## Your goal
In your copy, include no images, and write out every entry below exactly as it stands.

## Information provided
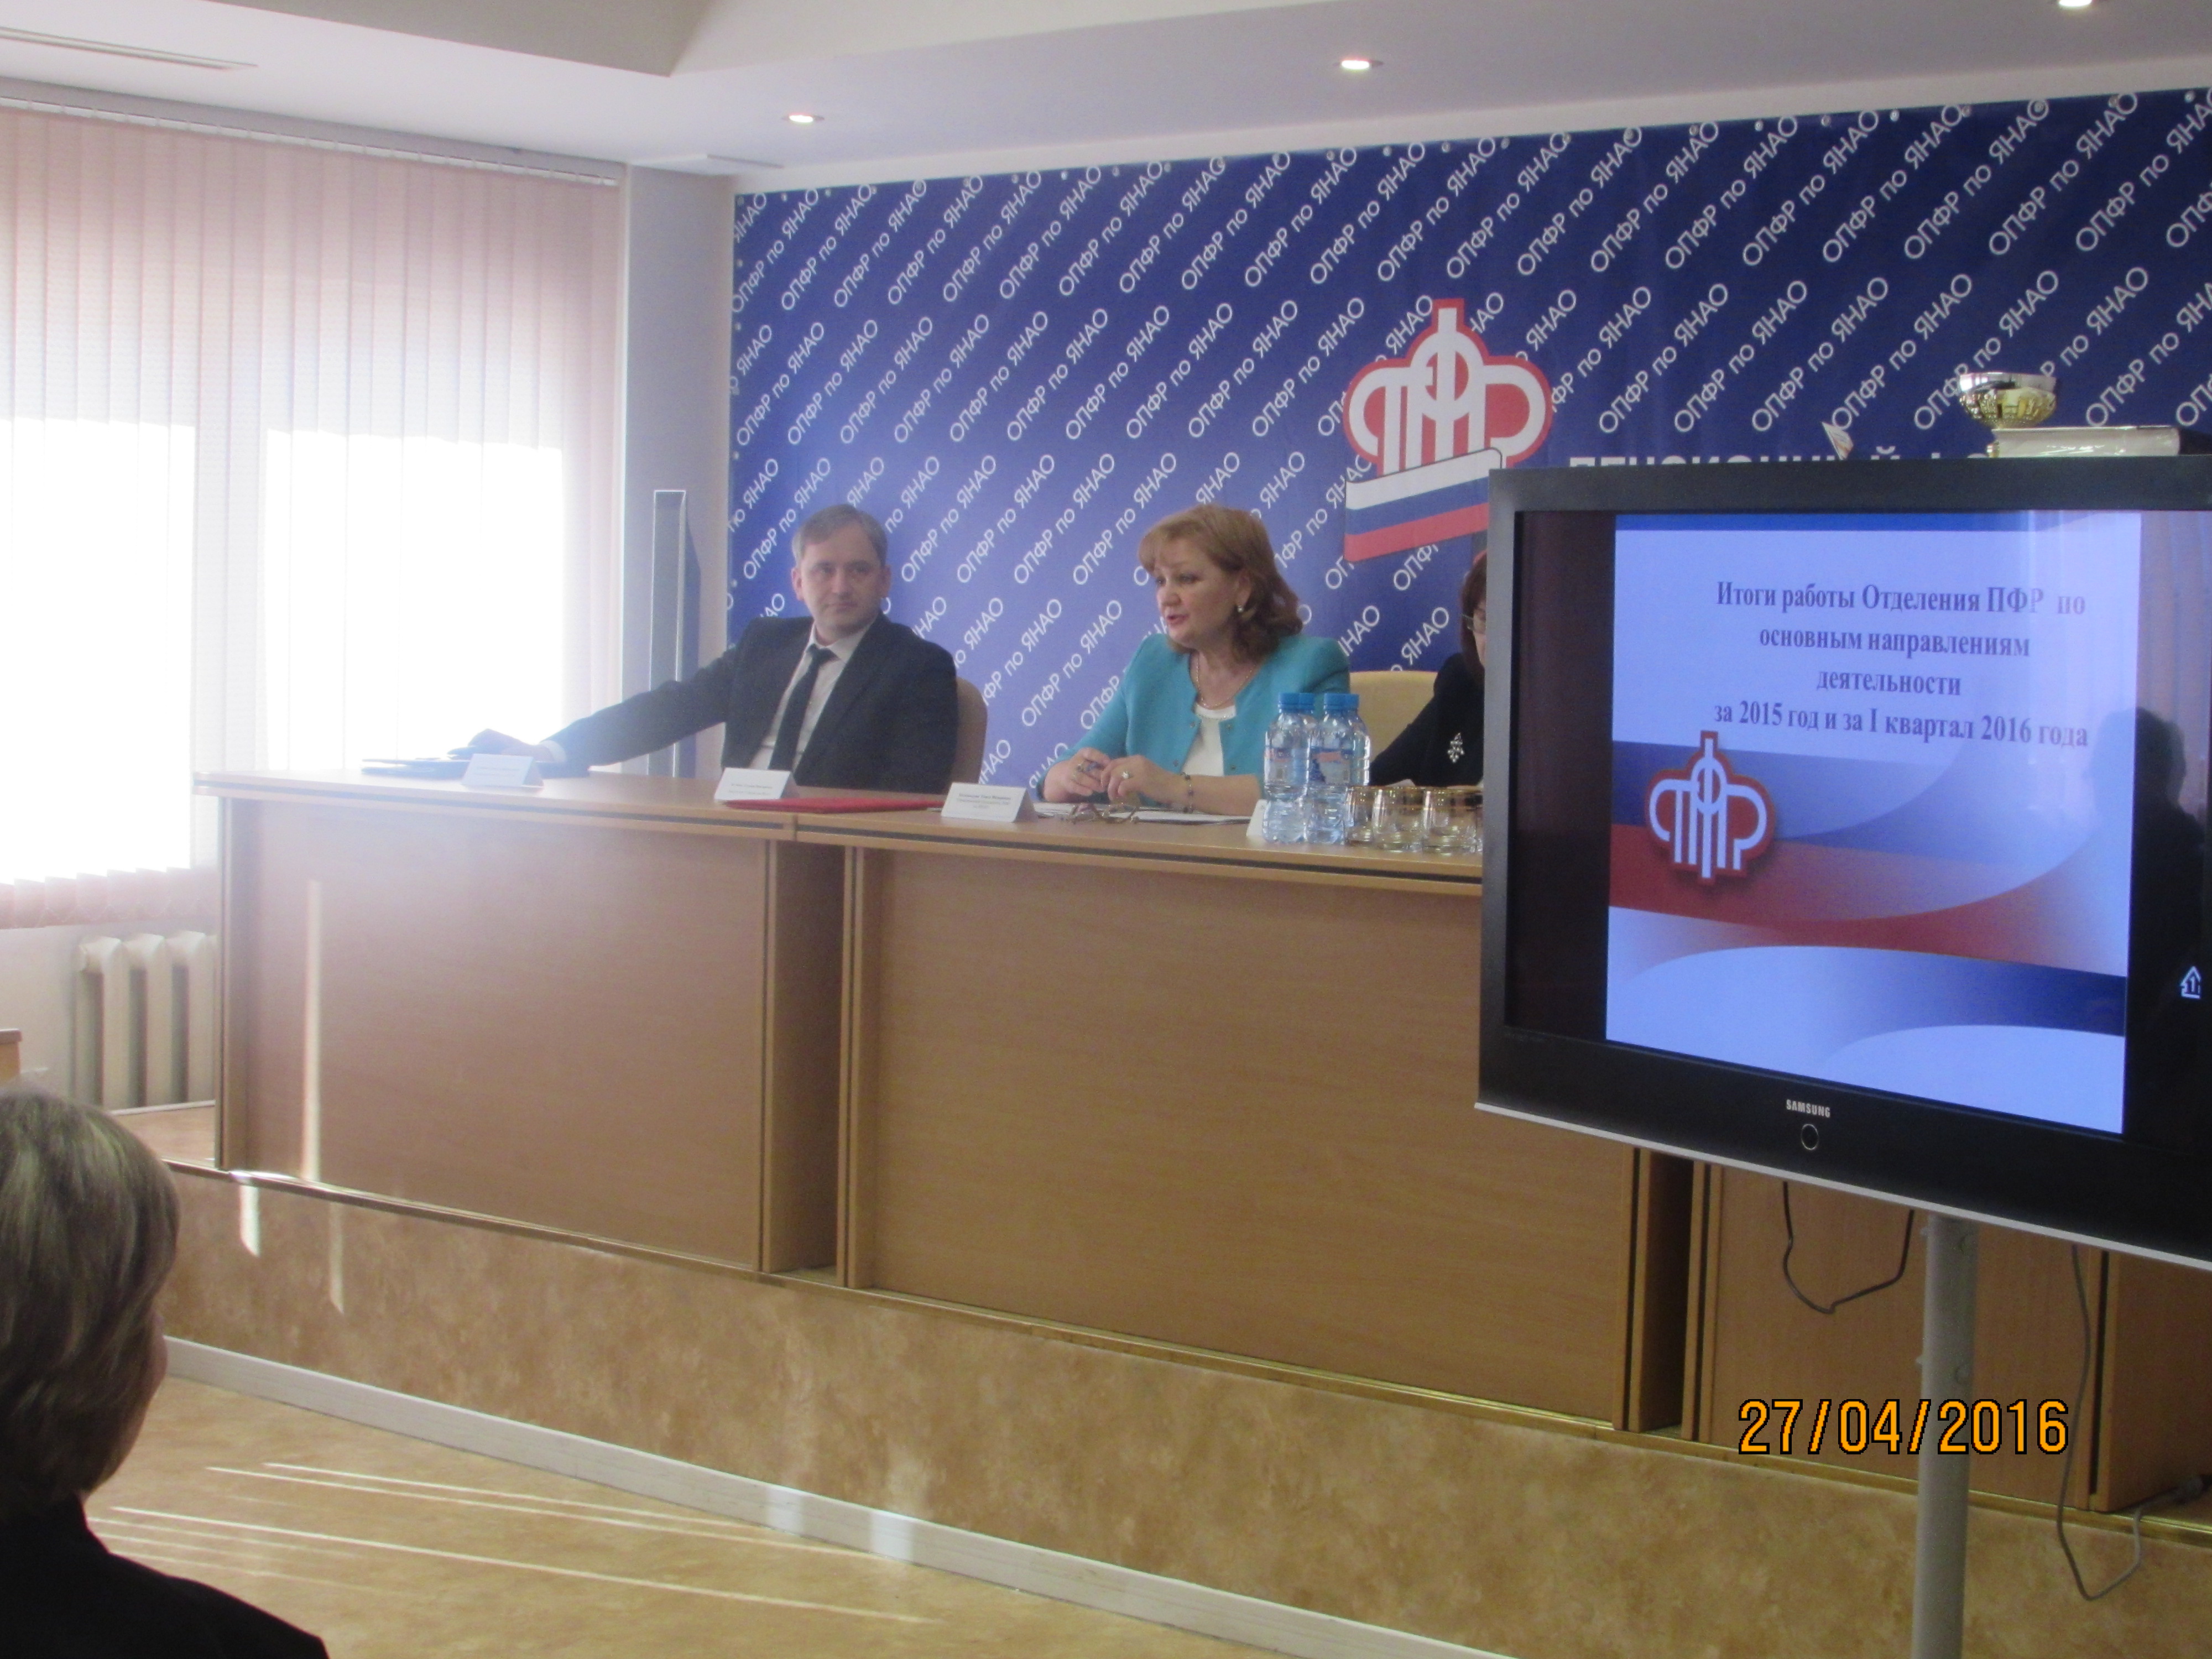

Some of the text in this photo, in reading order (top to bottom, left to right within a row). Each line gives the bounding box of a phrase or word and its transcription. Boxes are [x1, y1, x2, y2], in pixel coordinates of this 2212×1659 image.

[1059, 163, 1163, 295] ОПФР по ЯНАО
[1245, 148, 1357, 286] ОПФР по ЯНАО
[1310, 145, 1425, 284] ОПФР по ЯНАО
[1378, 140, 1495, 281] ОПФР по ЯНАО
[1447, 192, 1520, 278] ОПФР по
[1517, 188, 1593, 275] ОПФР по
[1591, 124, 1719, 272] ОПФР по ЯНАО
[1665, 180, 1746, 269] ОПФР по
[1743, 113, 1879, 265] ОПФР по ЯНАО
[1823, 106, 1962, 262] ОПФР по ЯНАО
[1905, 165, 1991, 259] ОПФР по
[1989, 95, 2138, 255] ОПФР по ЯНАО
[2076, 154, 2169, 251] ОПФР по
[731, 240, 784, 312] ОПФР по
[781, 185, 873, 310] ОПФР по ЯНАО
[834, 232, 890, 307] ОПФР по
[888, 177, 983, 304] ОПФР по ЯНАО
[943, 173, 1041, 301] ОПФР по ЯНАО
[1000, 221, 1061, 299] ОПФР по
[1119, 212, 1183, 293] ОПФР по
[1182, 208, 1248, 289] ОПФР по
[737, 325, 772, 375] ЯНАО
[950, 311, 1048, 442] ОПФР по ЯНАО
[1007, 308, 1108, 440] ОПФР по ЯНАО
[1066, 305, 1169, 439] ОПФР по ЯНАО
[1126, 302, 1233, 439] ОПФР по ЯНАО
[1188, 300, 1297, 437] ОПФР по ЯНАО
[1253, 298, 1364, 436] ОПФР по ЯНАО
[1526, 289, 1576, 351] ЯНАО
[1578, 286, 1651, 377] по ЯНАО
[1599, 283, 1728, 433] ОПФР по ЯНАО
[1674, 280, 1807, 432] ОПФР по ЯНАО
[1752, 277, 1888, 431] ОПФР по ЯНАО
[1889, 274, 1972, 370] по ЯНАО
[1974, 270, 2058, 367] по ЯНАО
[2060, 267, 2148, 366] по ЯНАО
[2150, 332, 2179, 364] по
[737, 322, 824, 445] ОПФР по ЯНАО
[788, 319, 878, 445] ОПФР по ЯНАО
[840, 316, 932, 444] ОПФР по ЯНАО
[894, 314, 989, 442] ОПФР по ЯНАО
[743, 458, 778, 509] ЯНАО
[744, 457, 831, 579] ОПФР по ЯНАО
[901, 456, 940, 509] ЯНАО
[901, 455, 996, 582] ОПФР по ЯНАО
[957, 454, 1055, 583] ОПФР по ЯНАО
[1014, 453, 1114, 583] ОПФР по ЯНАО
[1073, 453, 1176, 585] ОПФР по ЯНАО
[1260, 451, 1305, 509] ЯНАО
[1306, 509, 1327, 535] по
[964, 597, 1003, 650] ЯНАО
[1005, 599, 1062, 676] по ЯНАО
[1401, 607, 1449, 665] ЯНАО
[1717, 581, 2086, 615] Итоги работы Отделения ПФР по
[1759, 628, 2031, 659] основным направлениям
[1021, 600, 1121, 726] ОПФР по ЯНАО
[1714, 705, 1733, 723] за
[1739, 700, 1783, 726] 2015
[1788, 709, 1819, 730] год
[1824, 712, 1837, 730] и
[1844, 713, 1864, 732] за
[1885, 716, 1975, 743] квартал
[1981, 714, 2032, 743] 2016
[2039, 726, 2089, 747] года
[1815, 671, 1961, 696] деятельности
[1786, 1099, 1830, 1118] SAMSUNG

## Written reply
Some of the text in this photo, in reading order (top to bottom, left to right within a row). Each line gives the bounding box of a phrase or word and its transcription. Boxes are [x1, y1, x2, y2], in pixel coordinates of this 2212×1659 image.

[1059, 163, 1163, 295] ОПФР по ЯНАО
[1245, 148, 1357, 286] ОПФР по ЯНАО
[1310, 145, 1425, 284] ОПФР по ЯНАО
[1378, 140, 1495, 281] ОПФР по ЯНАО
[1447, 192, 1520, 278] ОПФР по
[1517, 188, 1593, 275] ОПФР по
[1591, 124, 1719, 272] ОПФР по ЯНАО
[1665, 180, 1746, 269] ОПФР по
[1743, 113, 1879, 265] ОПФР по ЯНАО
[1823, 106, 1962, 262] ОПФР по ЯНАО
[1905, 165, 1991, 259] ОПФР по
[1989, 95, 2138, 255] ОПФР по ЯНАО
[2076, 154, 2169, 251] ОПФР по
[731, 240, 784, 312] ОПФР по
[781, 185, 873, 310] ОПФР по ЯНАО
[834, 232, 890, 307] ОПФР по
[888, 177, 983, 304] ОПФР по ЯНАО
[943, 173, 1041, 301] ОПФР по ЯНАО
[1000, 221, 1061, 299] ОПФР по
[1119, 212, 1183, 293] ОПФР по
[1182, 208, 1248, 289] ОПФР по
[737, 325, 772, 375] ЯНАО
[950, 311, 1048, 442] ОПФР по ЯНАО
[1007, 308, 1108, 440] ОПФР по ЯНАО
[1066, 305, 1169, 439] ОПФР по ЯНАО
[1126, 302, 1233, 439] ОПФР по ЯНАО
[1188, 300, 1297, 437] ОПФР по ЯНАО
[1253, 298, 1364, 436] ОПФР по ЯНАО
[1526, 289, 1576, 351] ЯНАО
[1578, 286, 1651, 377] по ЯНАО
[1599, 283, 1728, 433] ОПФР по ЯНАО
[1674, 280, 1807, 432] ОПФР по ЯНАО
[1752, 277, 1888, 431] ОПФР по ЯНАО
[1889, 274, 1972, 370] по ЯНАО
[1974, 270, 2058, 367] по ЯНАО
[2060, 267, 2148, 366] по ЯНАО
[2150, 332, 2179, 364] по
[737, 322, 824, 445] ОПФР по ЯНАО
[788, 319, 878, 445] ОПФР по ЯНАО
[840, 316, 932, 444] ОПФР по ЯНАО
[894, 314, 989, 442] ОПФР по ЯНАО
[743, 458, 778, 509] ЯНАО
[744, 457, 831, 579] ОПФР по ЯНАО
[901, 456, 940, 509] ЯНАО
[901, 455, 996, 582] ОПФР по ЯНАО
[957, 454, 1055, 583] ОПФР по ЯНАО
[1014, 453, 1114, 583] ОПФР по ЯНАО
[1073, 453, 1176, 585] ОПФР по ЯНАО
[1260, 451, 1305, 509] ЯНАО
[1306, 509, 1327, 535] по
[964, 597, 1003, 650] ЯНАО
[1005, 599, 1062, 676] по ЯНАО
[1401, 607, 1449, 665] ЯНАО
[1717, 581, 2086, 615] Итоги работы Отделения ПФР по
[1759, 628, 2031, 659] основным направлениям
[1021, 600, 1121, 726] ОПФР по ЯНАО
[1714, 705, 1733, 723] за
[1739, 700, 1783, 726] 2015
[1788, 709, 1819, 730] год
[1824, 712, 1837, 730] и
[1844, 713, 1864, 732] за
[1885, 716, 1975, 743] квартал
[1981, 714, 2032, 743] 2016
[2039, 726, 2089, 747] года
[1815, 671, 1961, 696] деятельности
[1786, 1099, 1830, 1118] SAMSUNG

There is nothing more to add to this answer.